### EXERCISE OBJECTIVE
Would you mind restating all of the records word for word, skipping the pictures?

----

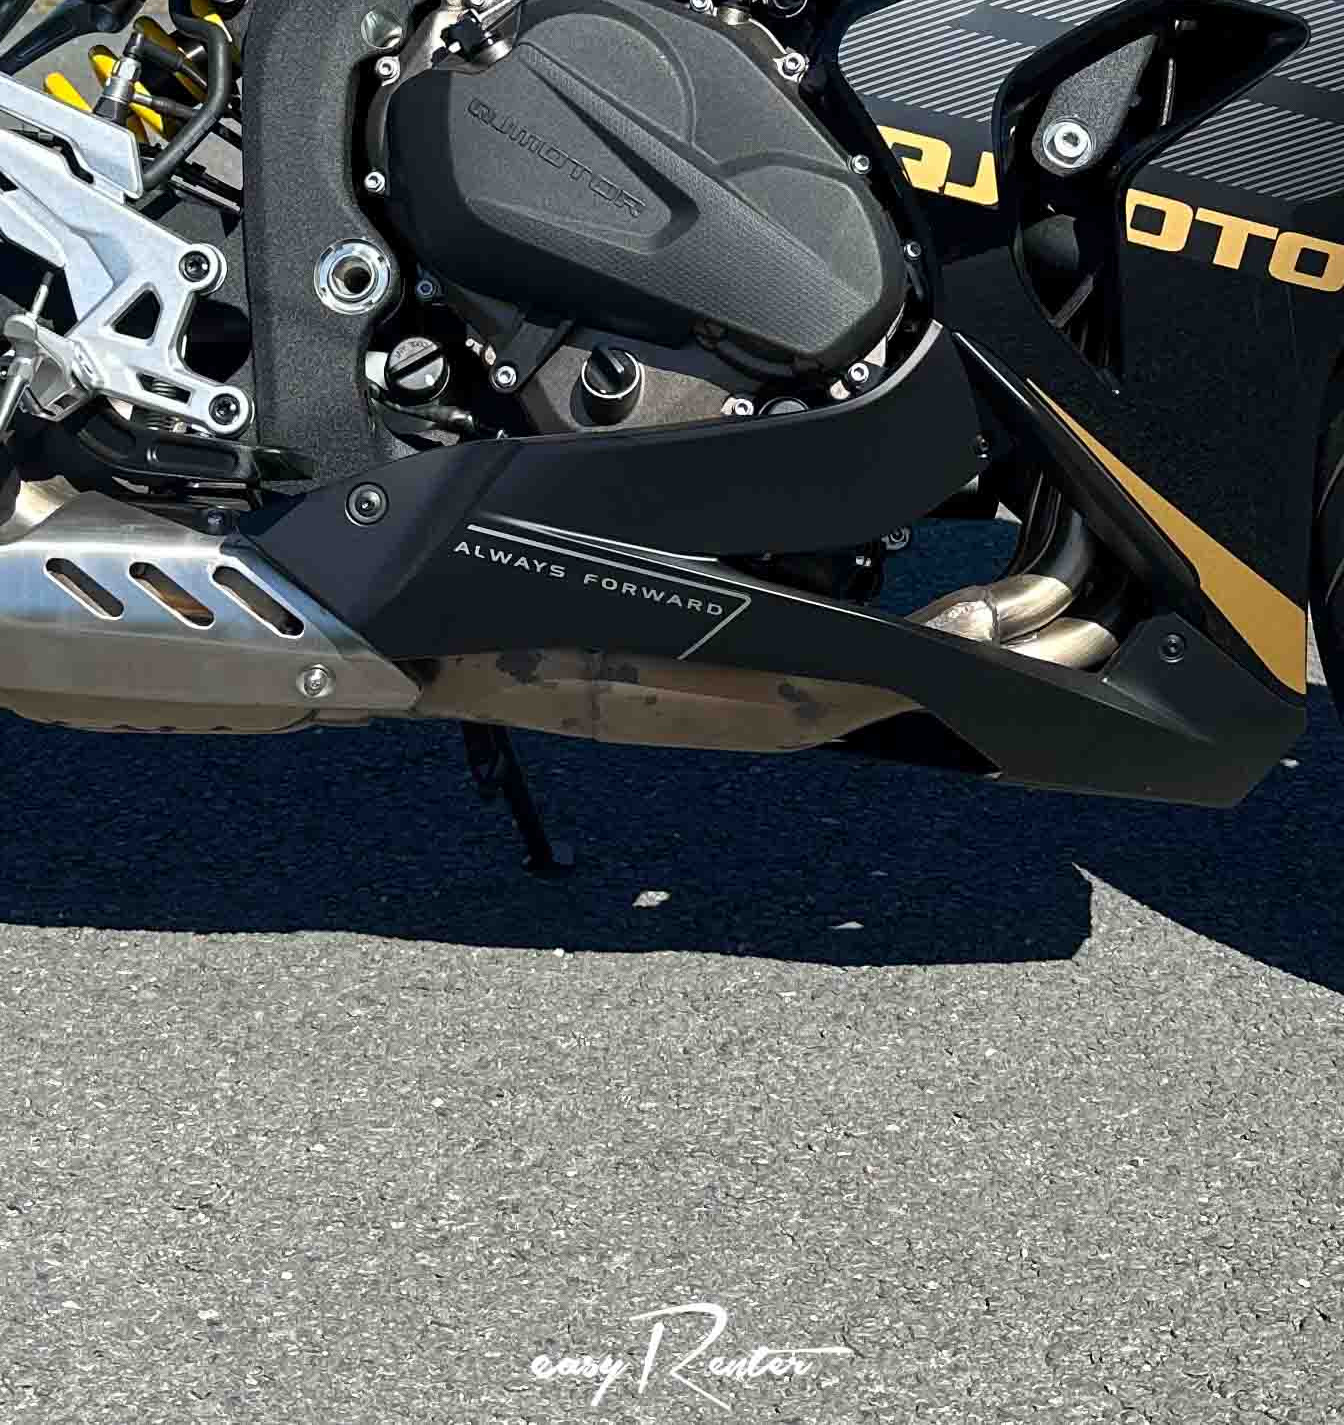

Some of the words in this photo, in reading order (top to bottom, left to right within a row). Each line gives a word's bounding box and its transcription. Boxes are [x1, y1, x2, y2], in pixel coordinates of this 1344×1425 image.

[465, 97, 647, 219] QJMOTOR
[453, 541, 566, 578] ALWAYS
[583, 574, 724, 616] FORWARD
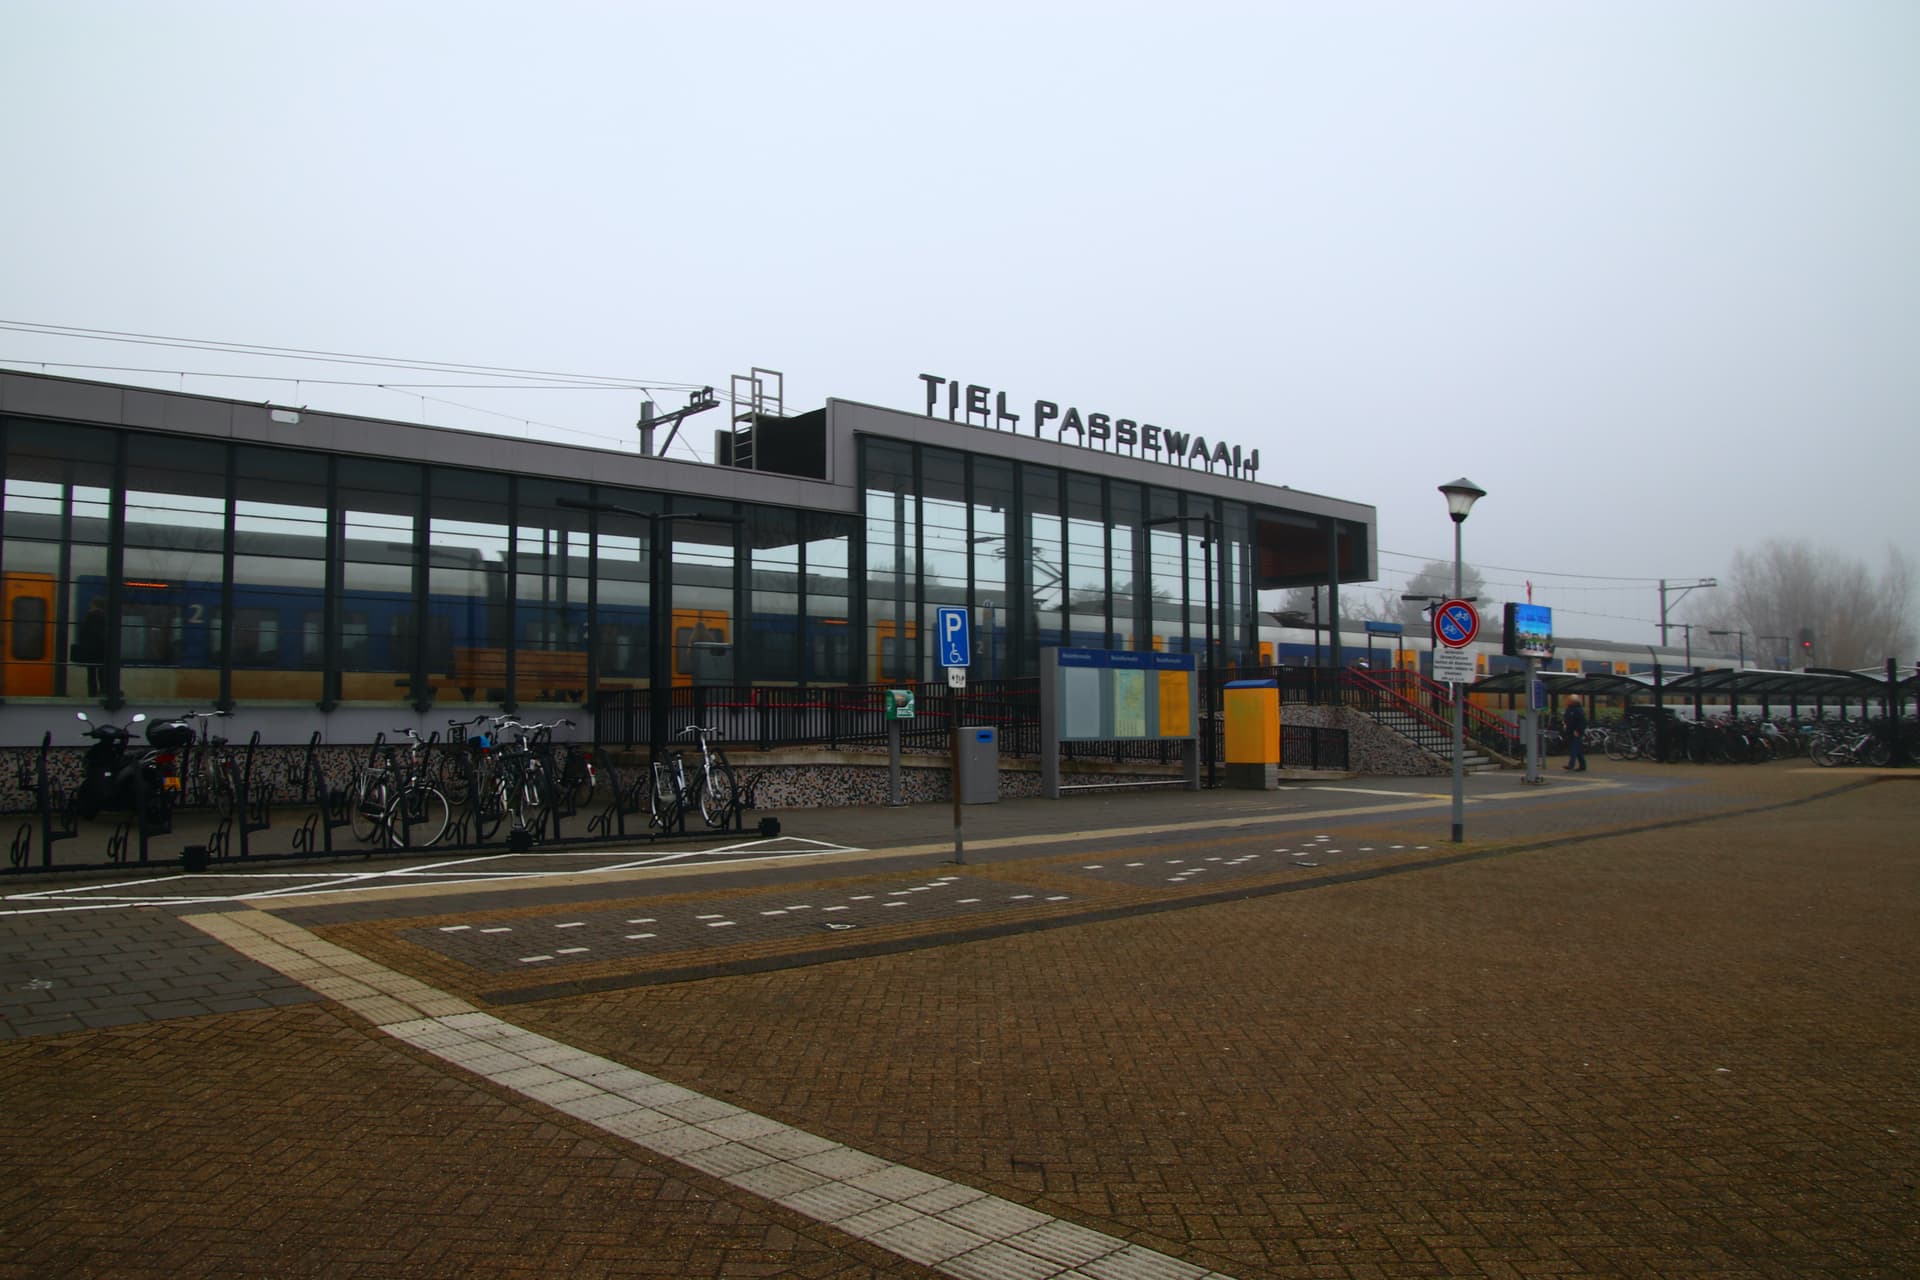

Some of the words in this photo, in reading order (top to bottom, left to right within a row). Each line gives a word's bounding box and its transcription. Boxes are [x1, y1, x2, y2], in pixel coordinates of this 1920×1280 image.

----

### EXPECTED OUTPUT
Some of the words in this photo, in reading order (top to bottom, left to right within a row). Each line gives a word's bounding box and its transcription. Boxes are [x1, y1, x2, y2], in pixel coordinates of this 1344×1425 image.

[465, 97, 647, 219] QJMOTOR
[453, 541, 566, 578] ALWAYS
[583, 574, 724, 616] FORWARD

Some of the words in this photo, in reading order (top to bottom, left to right within a row). Each line gives a word's bounding box and its transcription. Boxes are [x1, y1, x2, y2], in pixel coordinates of this 1920×1280 image.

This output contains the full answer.